Neurohospitalist 2024 January
BACKGROUND: To this date, whether to administer intravenous thrombolysis (IVT) prior to endovascular thrombectomy (EVT) for stroke patients still stirs some debate. We aimed to systematically update the evidence from randomized trials comparing EVT alone vs EVT with bridging IVT.

METHODS: We searched MEDLINE, EMBASE, and the Cochrane Library to identify randomized controlled trials (RCTs) comparing EVT with or without IVT in patients presenting with stroke secondary to a large vessel occlusion.
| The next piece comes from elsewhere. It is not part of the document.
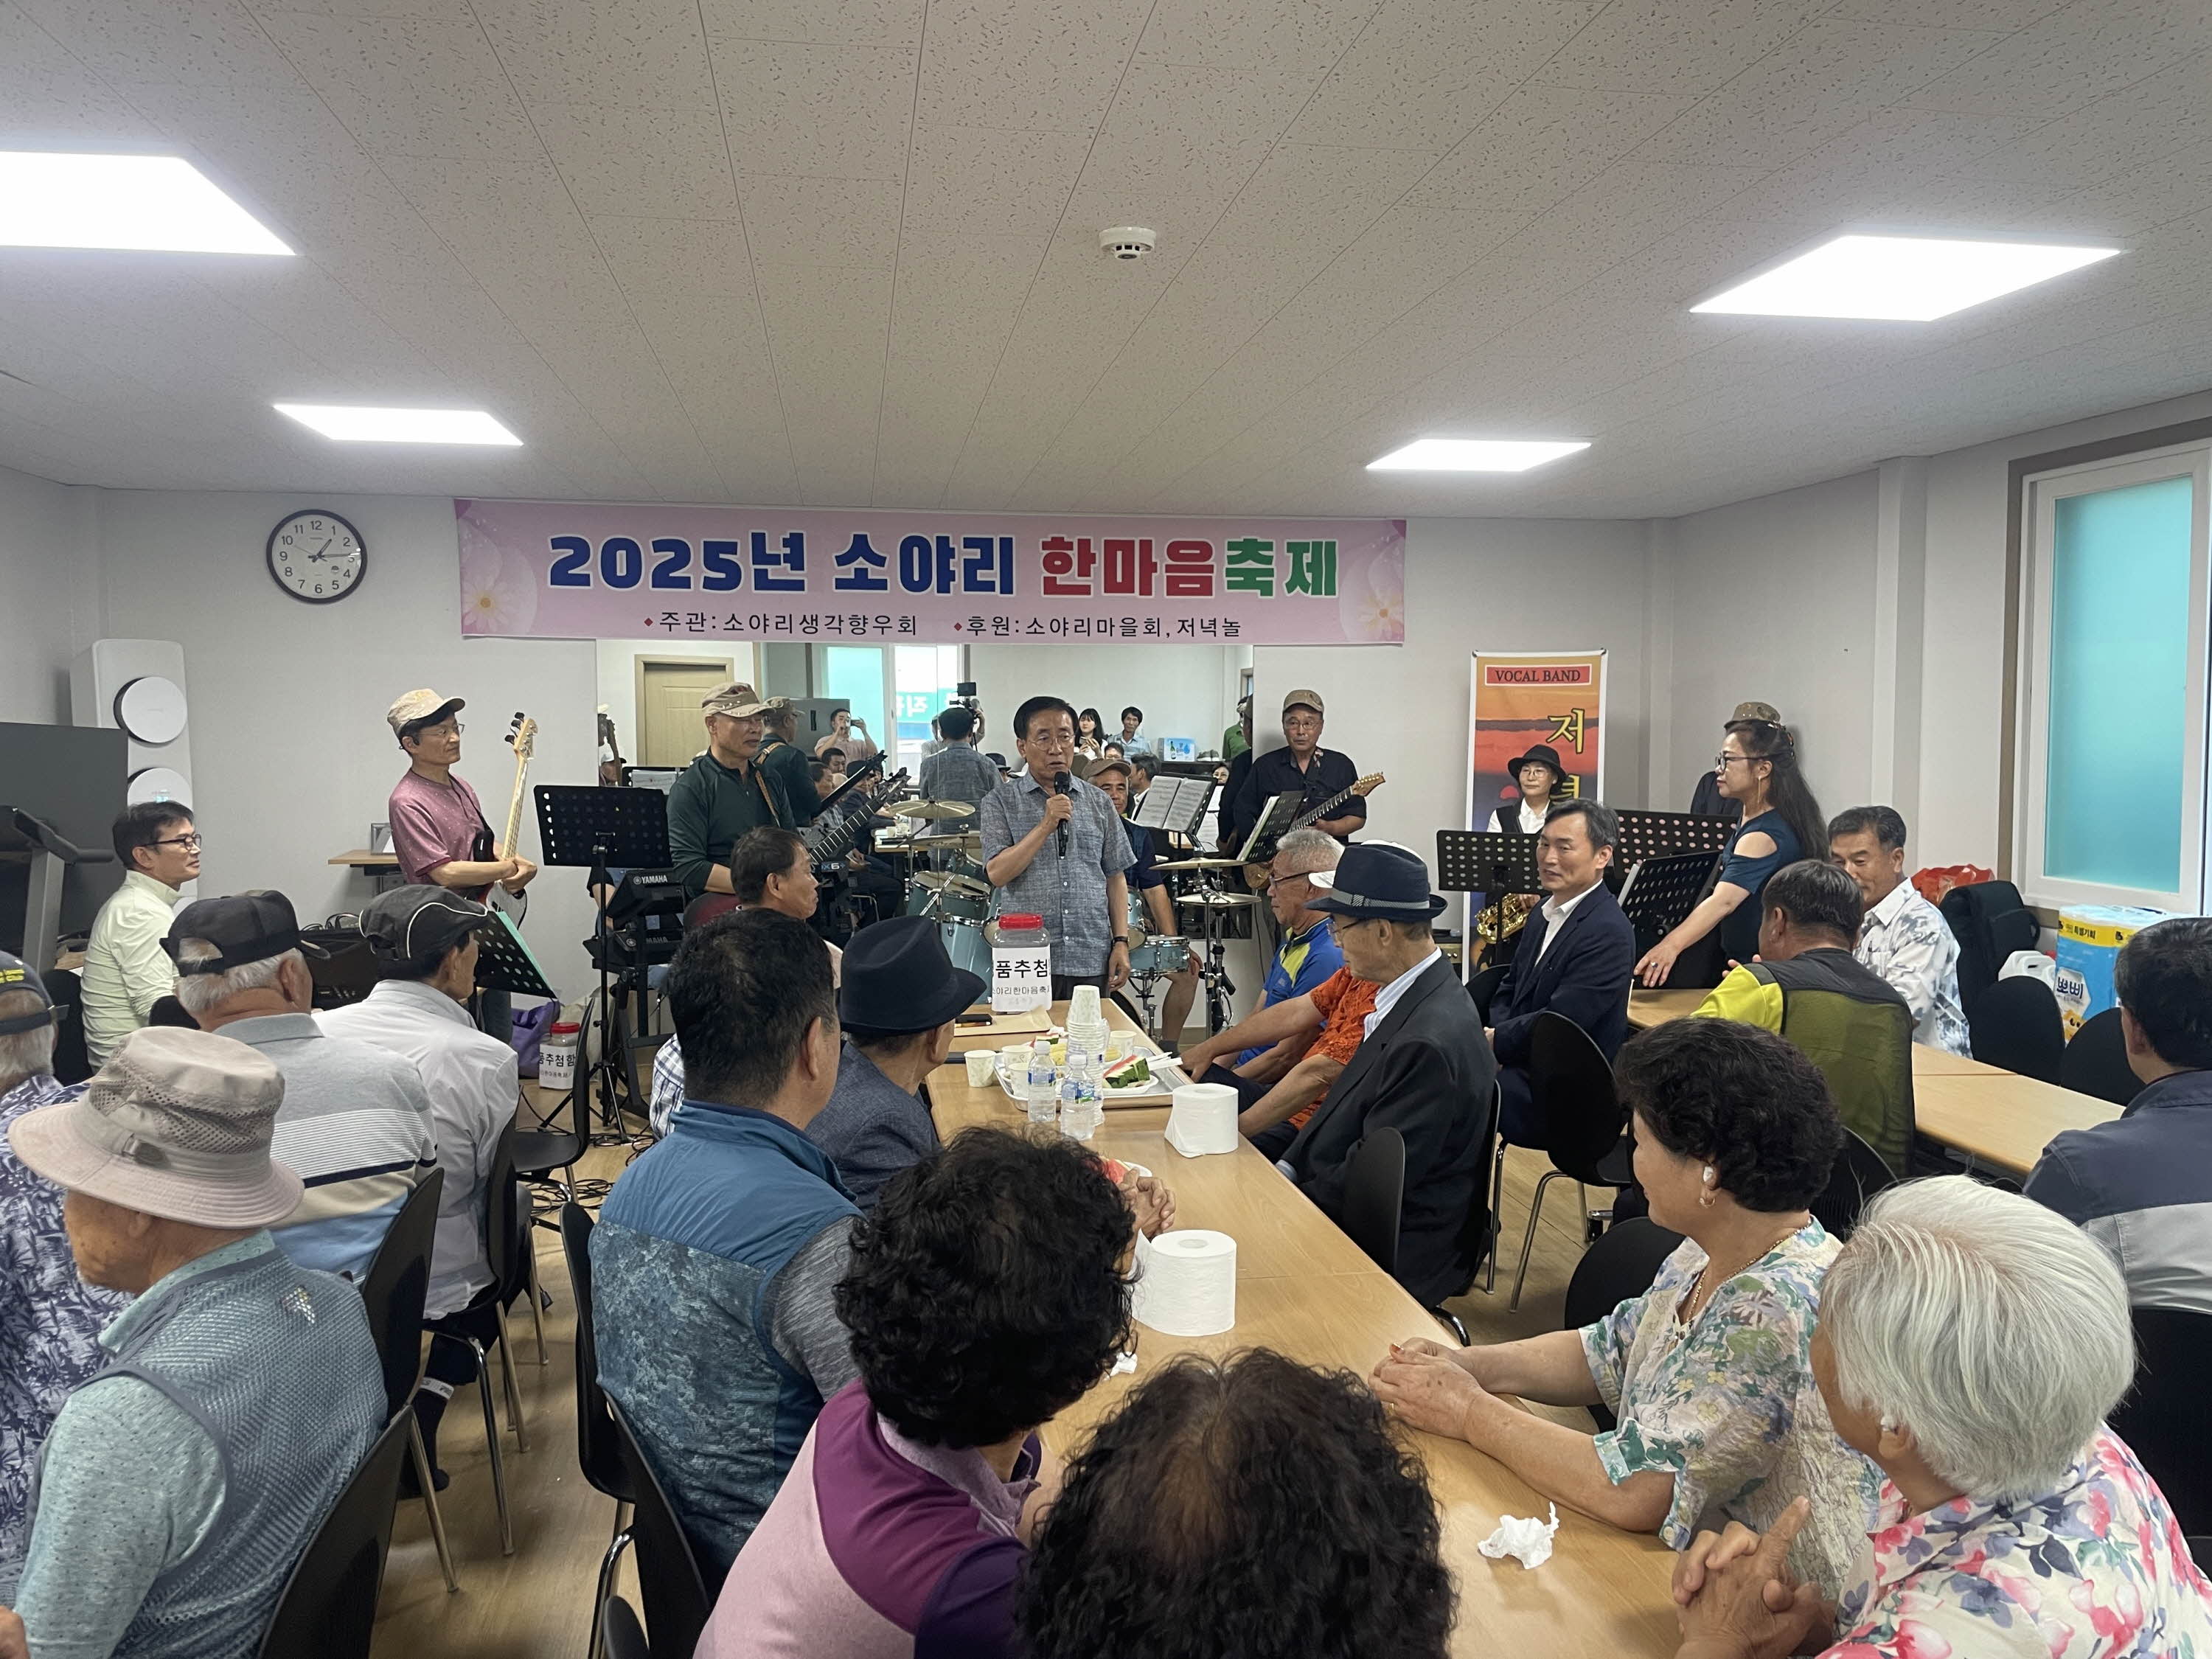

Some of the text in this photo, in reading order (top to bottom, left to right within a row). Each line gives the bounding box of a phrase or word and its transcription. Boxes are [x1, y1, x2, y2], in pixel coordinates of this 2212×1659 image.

We conducted meta-analyses using random-effects models to compare functional independence, mortality, and symptomatic intracranial hemorrhage (sICH), between EVT and EVT with IVT. We assessed risk of bias using the Cochrane risk-of-bias tool and certainty of evidence for each outcome using the GRADE approach.

RESULTS: Of 11,111 citations, we included 6 studies with a total of 2336 participants. We found low-certainty evidence of possibly a small decrease in the proportion of patients with functional independence (risk difference [RD] -2.0%, 95% CI -5.9% to 2.0%), low-certainty evidence that there is possibly a small increase in mortality (RD 1.0%, 95% CI -2.2% to 4.7%), and moderate-certainty evidence that there is probably a decrease in sICH (RD -1.0%, 95% CI -1.6% to .7%) for patients with EVT alone compared to EVT plus IVT, respectively.

CONCLUSION: Low-certainty evidence shows that there is possibly a small decrease in functional independence, low-certainty evidence shows that there is possibly a small increase in mortality, and moderate-certainty evidence that there is probably a decrease in sICH for patients with EVT alone compared to EVT plus IVT.